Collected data
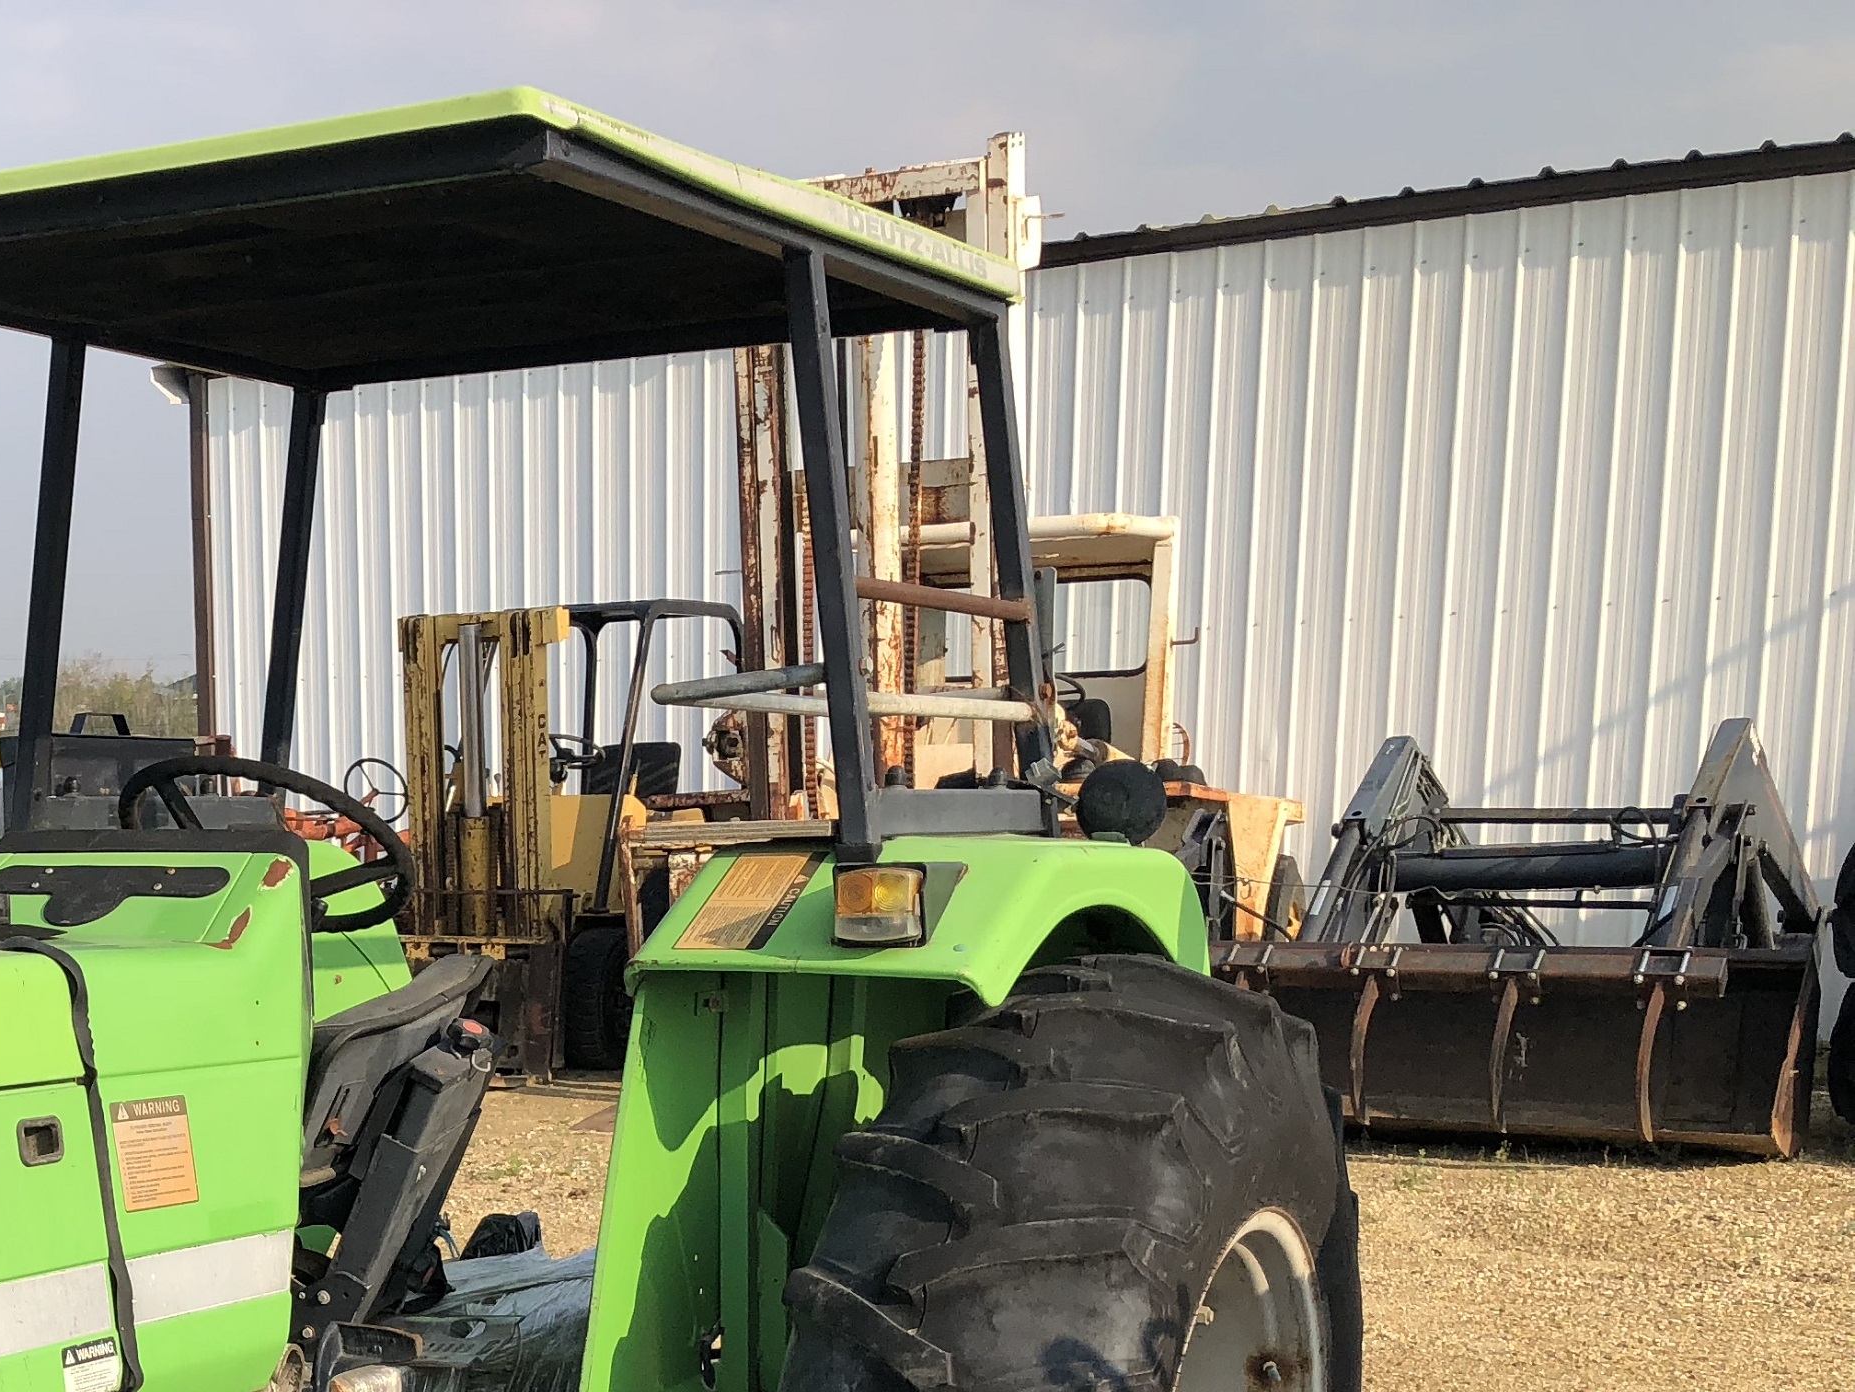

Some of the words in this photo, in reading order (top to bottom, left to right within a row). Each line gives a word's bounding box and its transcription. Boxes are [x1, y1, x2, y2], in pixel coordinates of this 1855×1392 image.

[847, 207, 989, 279] DEUTZ-ALLIS
[537, 713, 547, 759] CAT
[764, 885, 802, 927] CAUTION
[132, 1098, 181, 1117] WARNING
[76, 1340, 115, 1362] WARNING
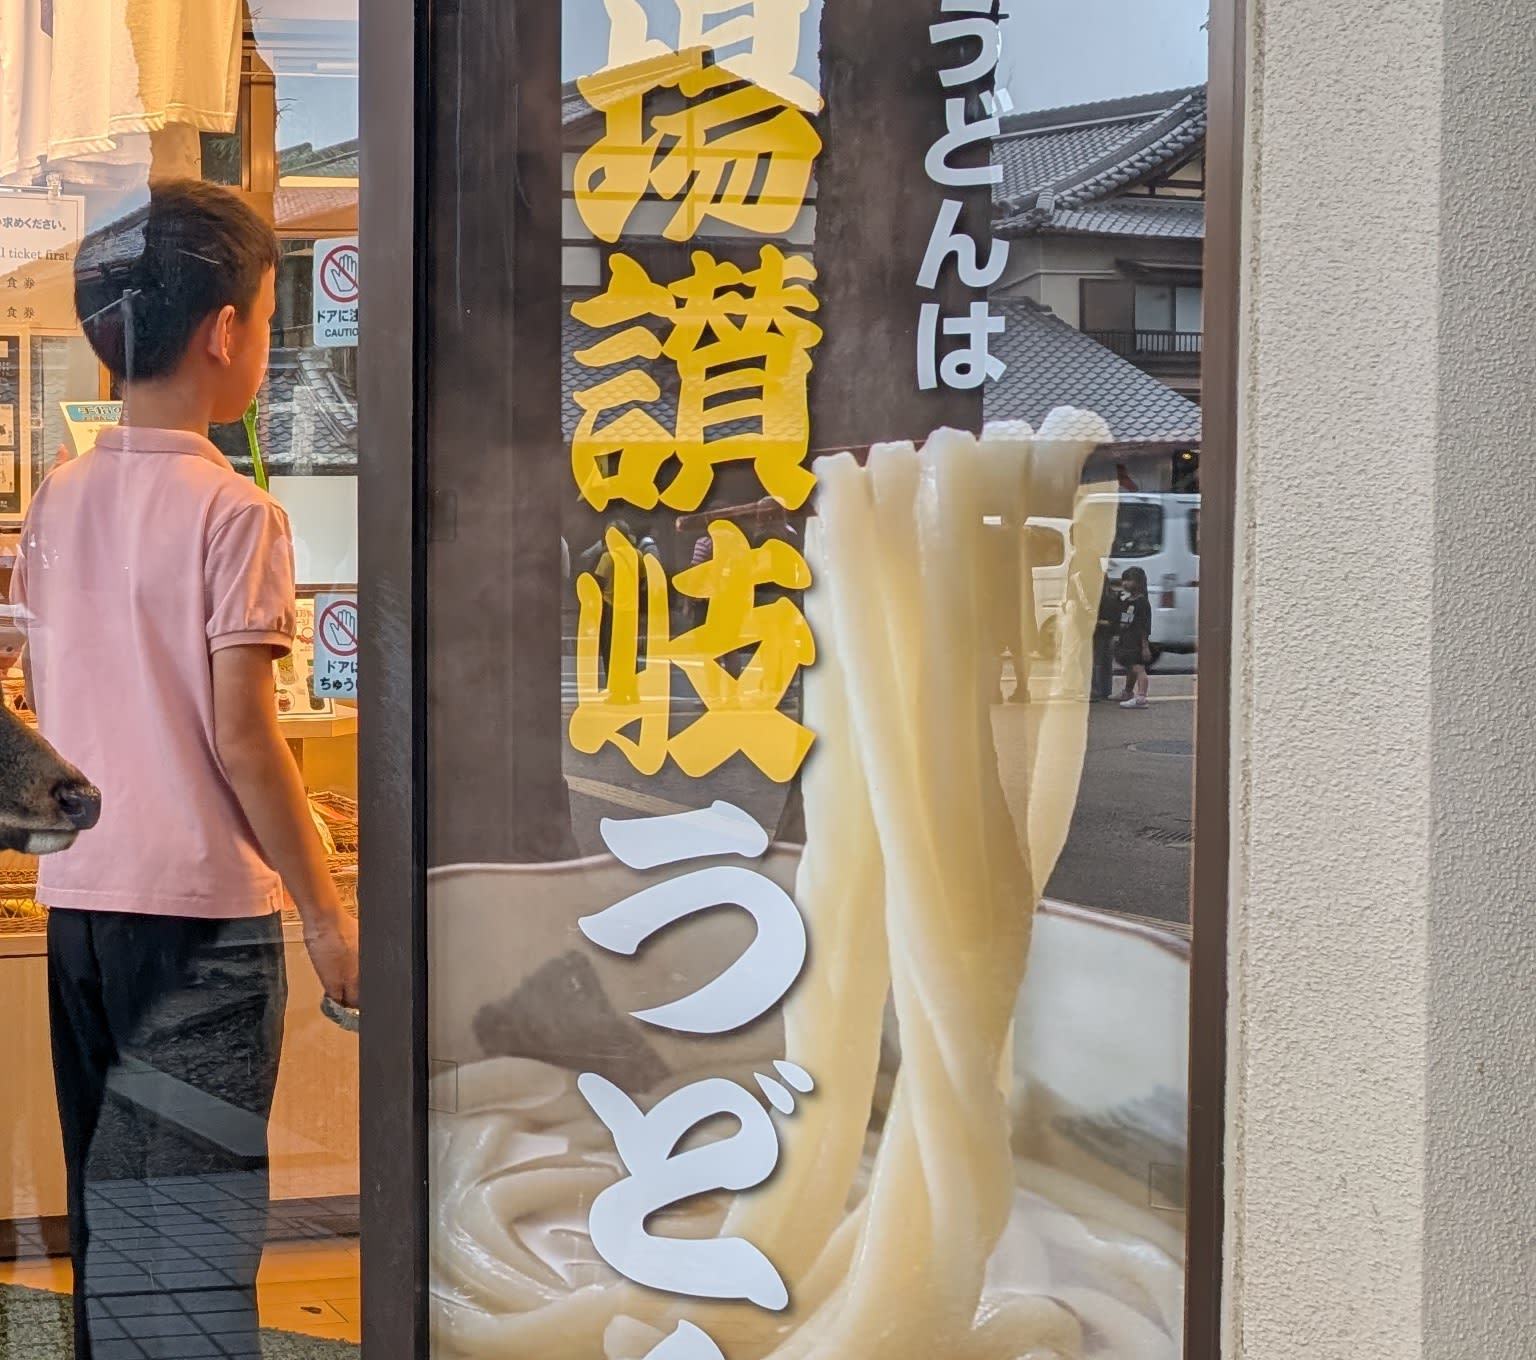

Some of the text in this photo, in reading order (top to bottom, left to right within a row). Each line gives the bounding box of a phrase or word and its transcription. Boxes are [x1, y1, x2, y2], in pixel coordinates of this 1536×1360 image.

[8, 248, 42, 260] ticket
[45, 249, 73, 261] first.
[325, 327, 358, 338] CAUTIO
[320, 677, 358, 692] ちゅう

Problem: Where a line contains "Some of the text", begin there and output each line through the end of the data above, exactly; give no other lines.

Answer to this task:
Some of the text in this photo, in reading order (top to bottom, left to right within a row). Each line gives the bounding box of a phrase or word and its transcription. Boxes are [x1, y1, x2, y2], in pixel coordinates of this 1536×1360 image.

[8, 248, 42, 260] ticket
[45, 249, 73, 261] first.
[325, 327, 358, 338] CAUTIO
[320, 677, 358, 692] ちゅう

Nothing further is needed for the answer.